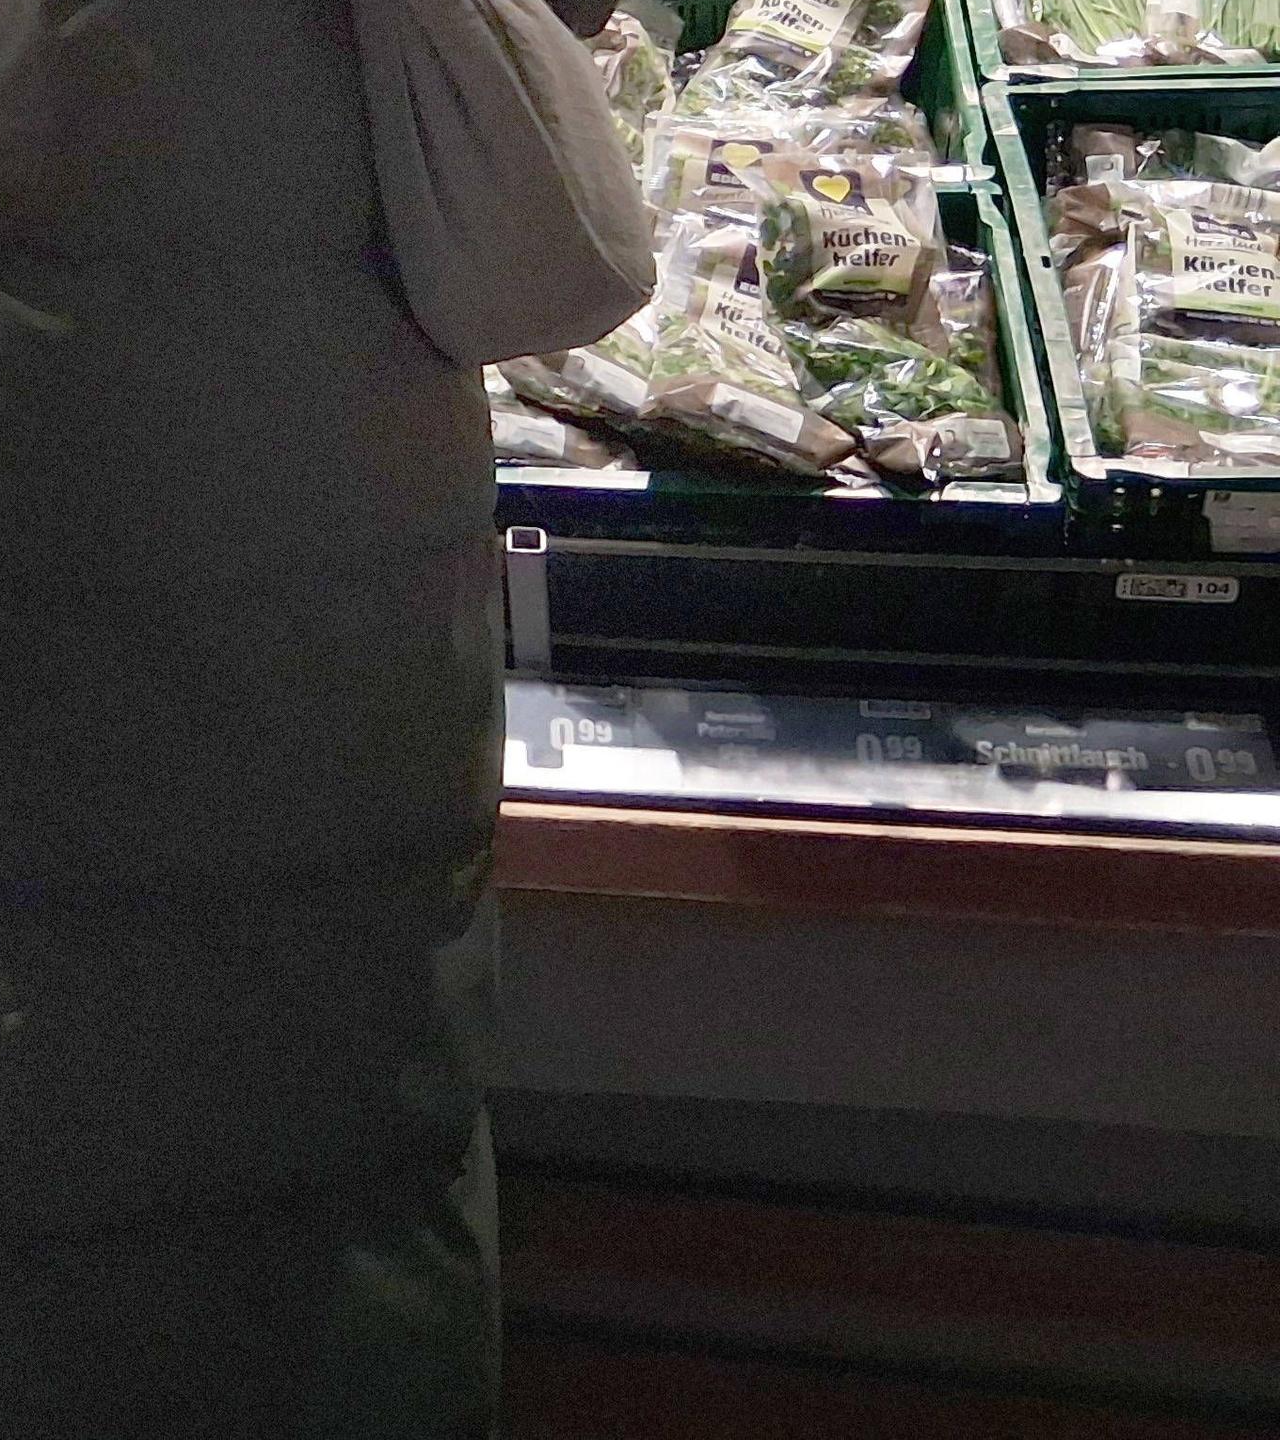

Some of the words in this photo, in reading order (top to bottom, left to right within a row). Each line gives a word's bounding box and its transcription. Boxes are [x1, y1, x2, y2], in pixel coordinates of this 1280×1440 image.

[822, 226, 915, 248] Küchen-
[832, 247, 900, 267] helfer
[549, 716, 613, 751] 099
[975, 741, 1146, 773] Schnittlauch

:: Prompt ::
Line by line, print the records exactly, leaving the pictures behind.

:: Task solution ::
Some of the words in this photo, in reading order (top to bottom, left to right within a row). Each line gives a word's bounding box and its transcription. Boxes are [x1, y1, x2, y2], in pixel coordinates of this 1280×1440 image.

[822, 226, 915, 248] Küchen-
[832, 247, 900, 267] helfer
[549, 716, 613, 751] 099
[975, 741, 1146, 773] Schnittlauch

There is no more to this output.